PROBLEM TO WORK ON:
After locating the line with "Some of the text", set down that line and all the lines that follow it, unchanged, to the end of the records; omit the pictures.

[Data records]
··········

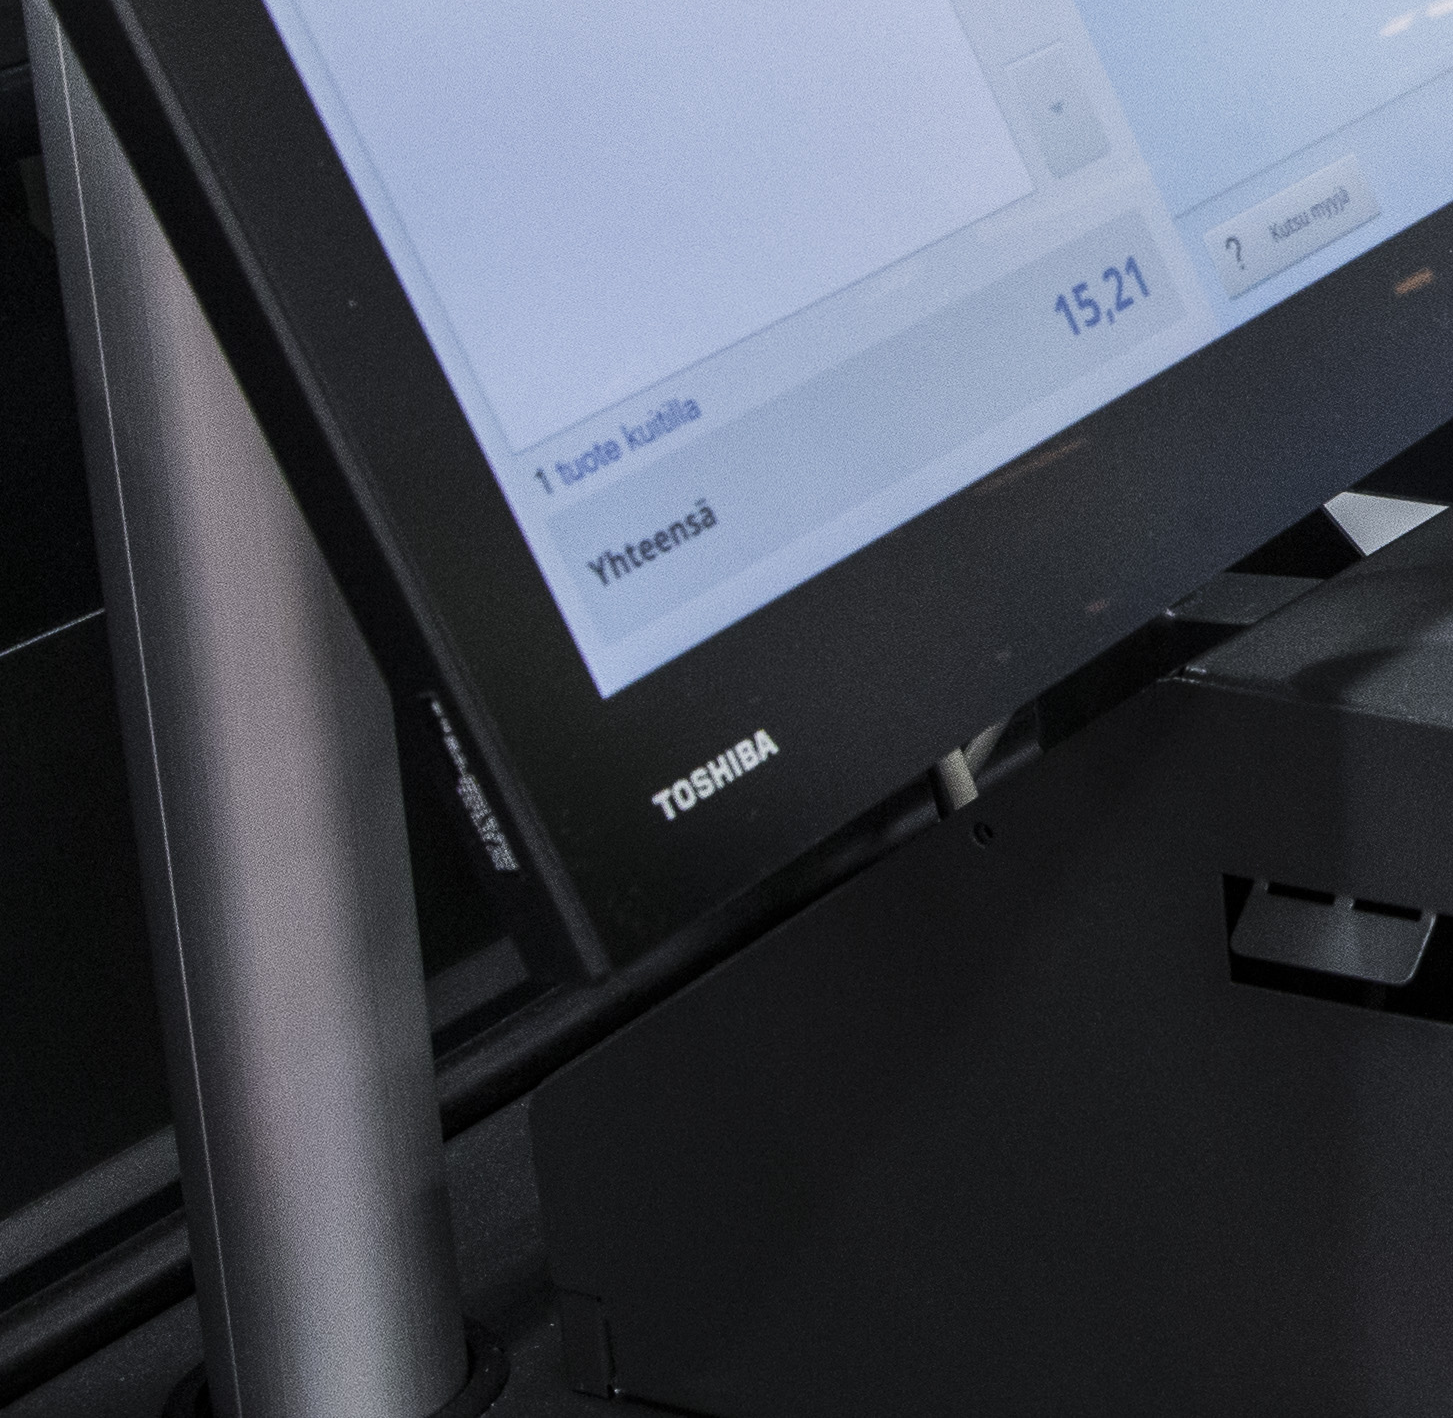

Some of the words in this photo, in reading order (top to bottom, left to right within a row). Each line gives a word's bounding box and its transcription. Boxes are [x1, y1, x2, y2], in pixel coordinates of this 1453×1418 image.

[1268, 210, 1311, 243] Kutsu
[1053, 255, 1152, 336] 15,21
[554, 433, 623, 488] tuote
[620, 393, 703, 450] kuitilla
[587, 497, 719, 587] Yhteensä
[651, 728, 780, 822] TOSHIBA
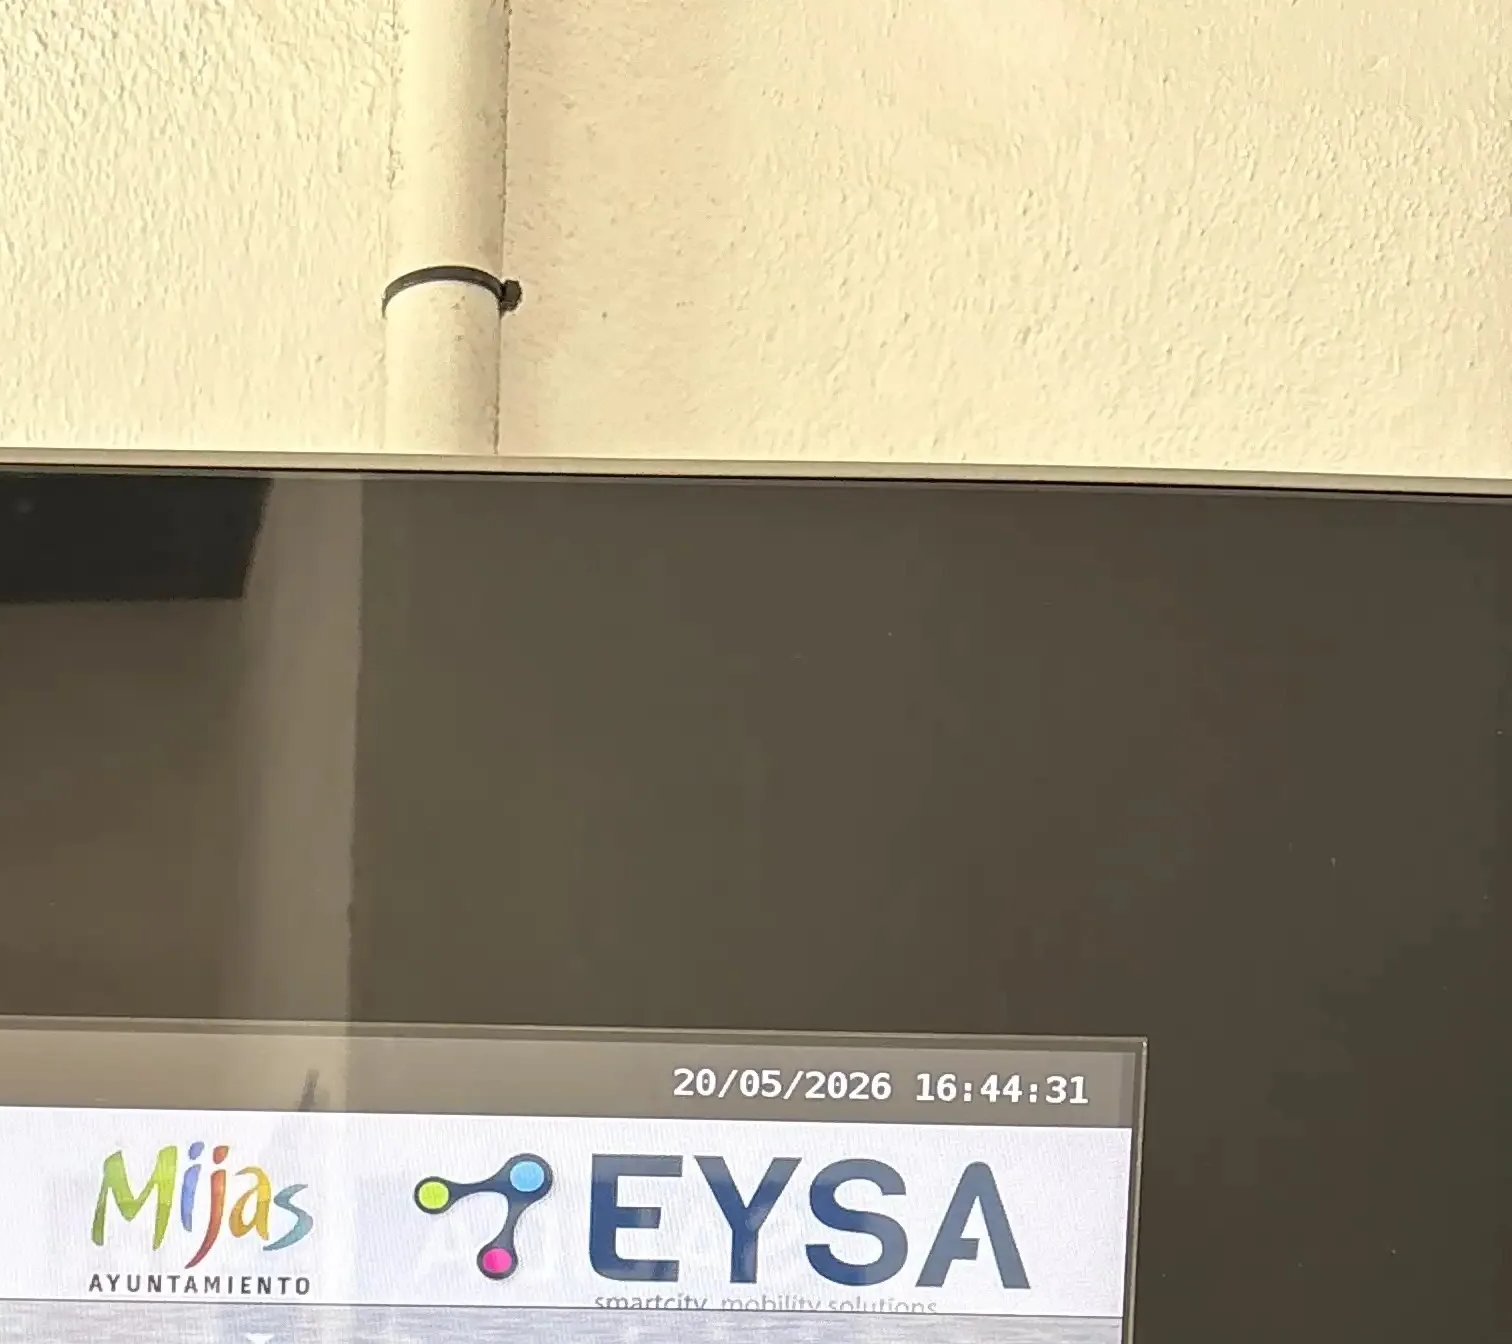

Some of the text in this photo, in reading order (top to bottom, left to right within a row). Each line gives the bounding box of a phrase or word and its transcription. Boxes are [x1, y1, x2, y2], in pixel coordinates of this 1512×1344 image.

[671, 1066, 1089, 1106] 20/05/2026 16:44:31
[90, 1141, 315, 1268] Mijas
[588, 1152, 1032, 1290] EYSA
[88, 1273, 311, 1296] AYUNTAMIENTO
[721, 1293, 821, 1312] mobility
[828, 1295, 937, 1313] solutions
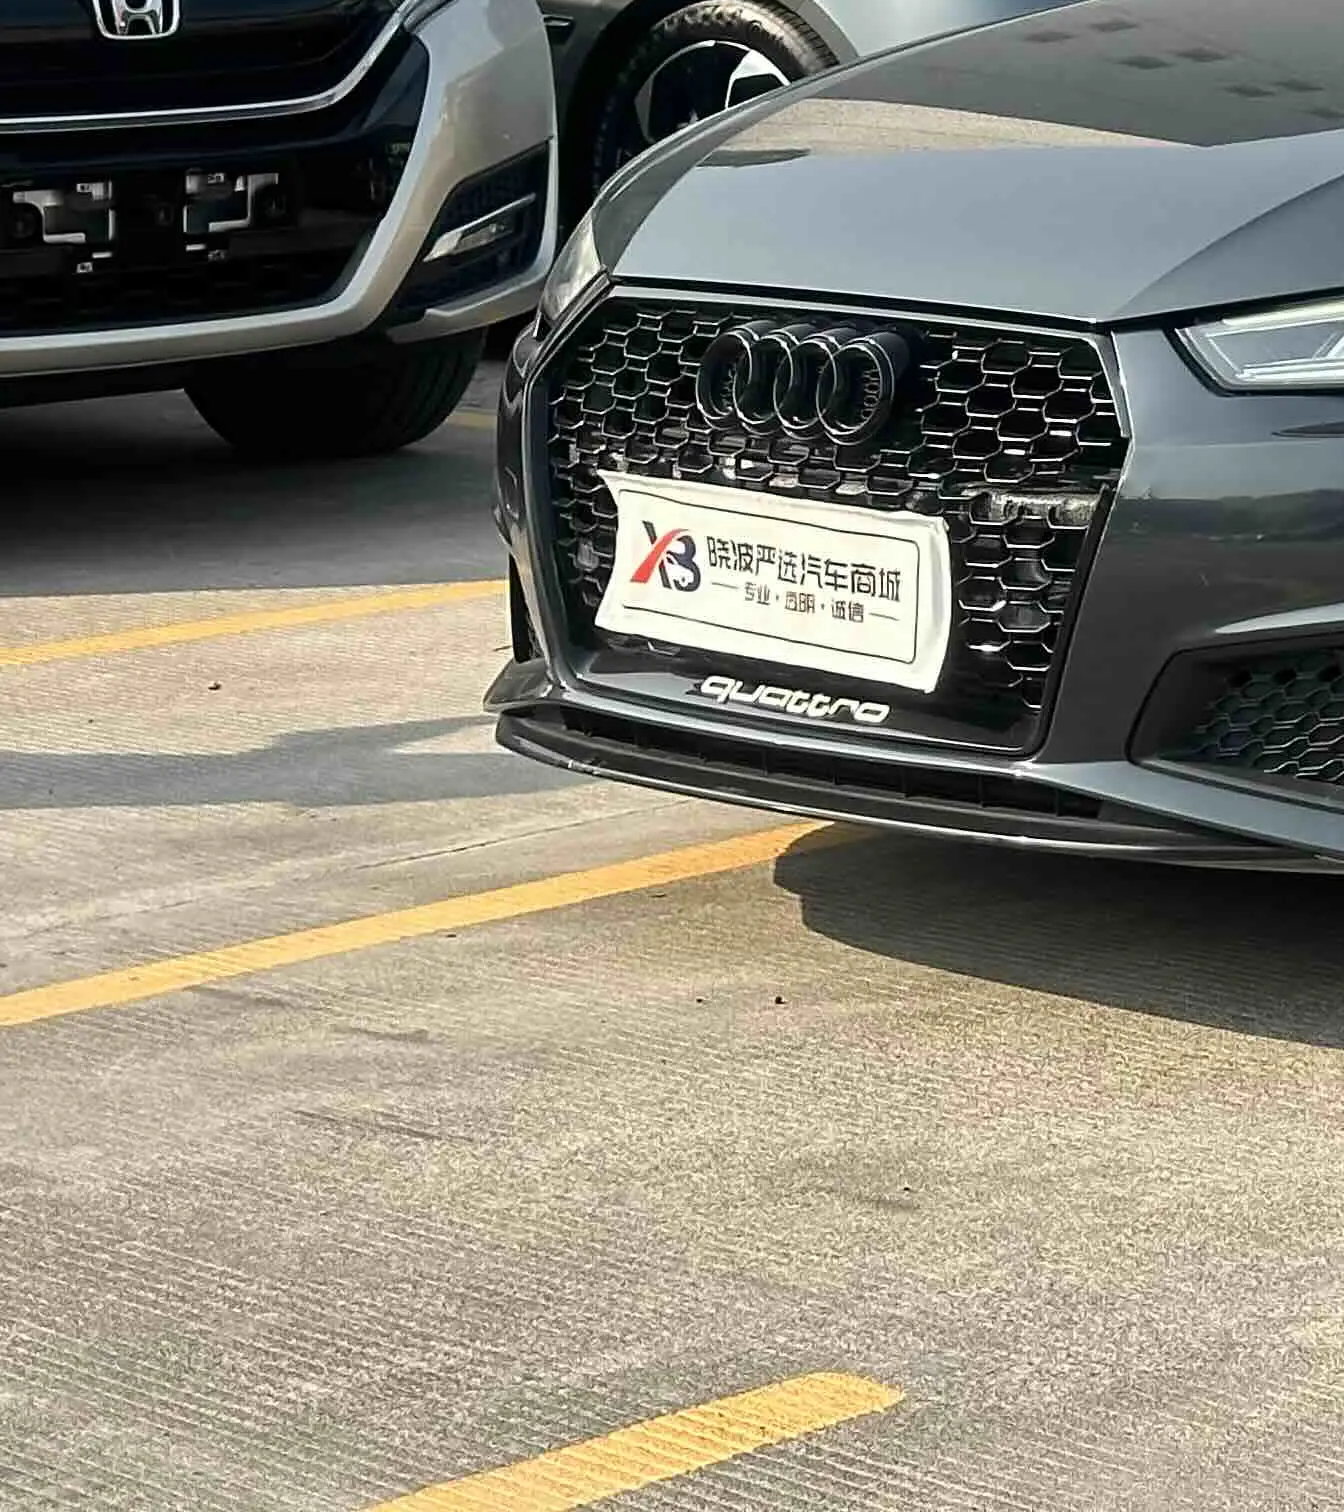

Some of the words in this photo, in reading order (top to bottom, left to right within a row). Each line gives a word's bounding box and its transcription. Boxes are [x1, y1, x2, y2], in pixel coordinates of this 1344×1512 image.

[705, 535, 902, 603] 晓波严选汽车商城
[698, 675, 890, 724] quattro
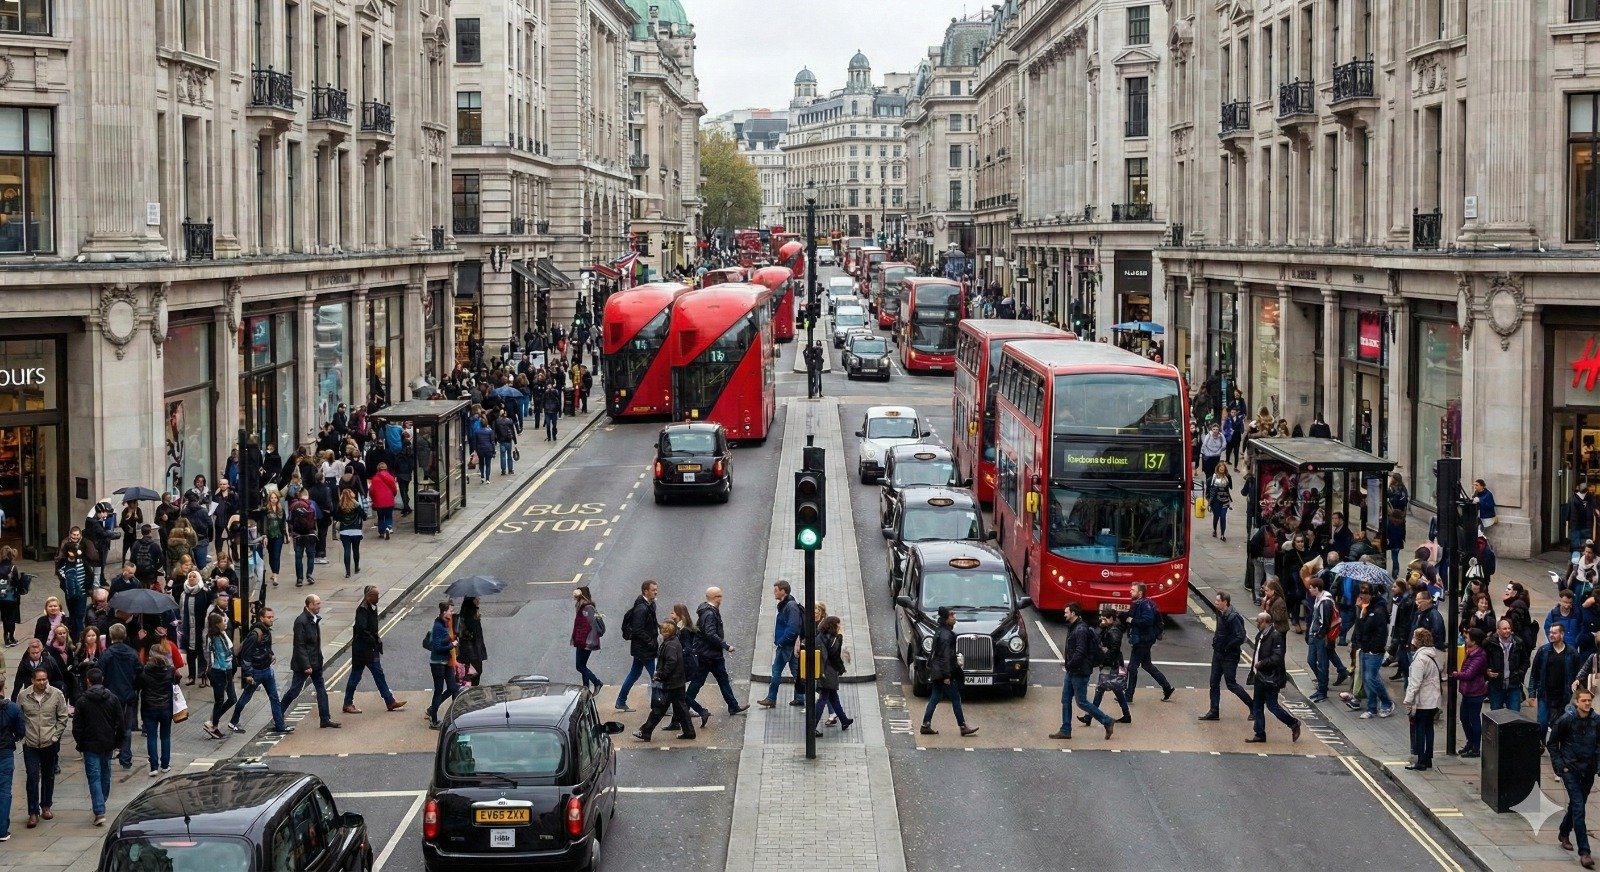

··········

ANSWER TO THIS PROBLEM:
Some of the text in this photo, in reading order (top to bottom, left to right within a row). Each line gives the bounding box of a phrase or word and its transcription. Boxes are [x1, y1, x2, y2], in pixel coordinates of this 1512×1344 image.

[671, 1066, 1089, 1106] 20/05/2026 16:44:31
[90, 1141, 315, 1268] Mijas
[588, 1152, 1032, 1290] EYSA
[88, 1273, 311, 1296] AYUNTAMIENTO
[721, 1293, 821, 1312] mobility
[828, 1295, 937, 1313] solutions

Some of the words in this photo, in reading order (top to bottom, left to right within a row). Each line gives a word's bounding box and its transcription. Boxes are [x1, y1, x2, y2], in pixel coordinates of this 1344×1512 image.

[705, 535, 902, 603] 晓波严选汽车商城
[698, 675, 890, 724] quattro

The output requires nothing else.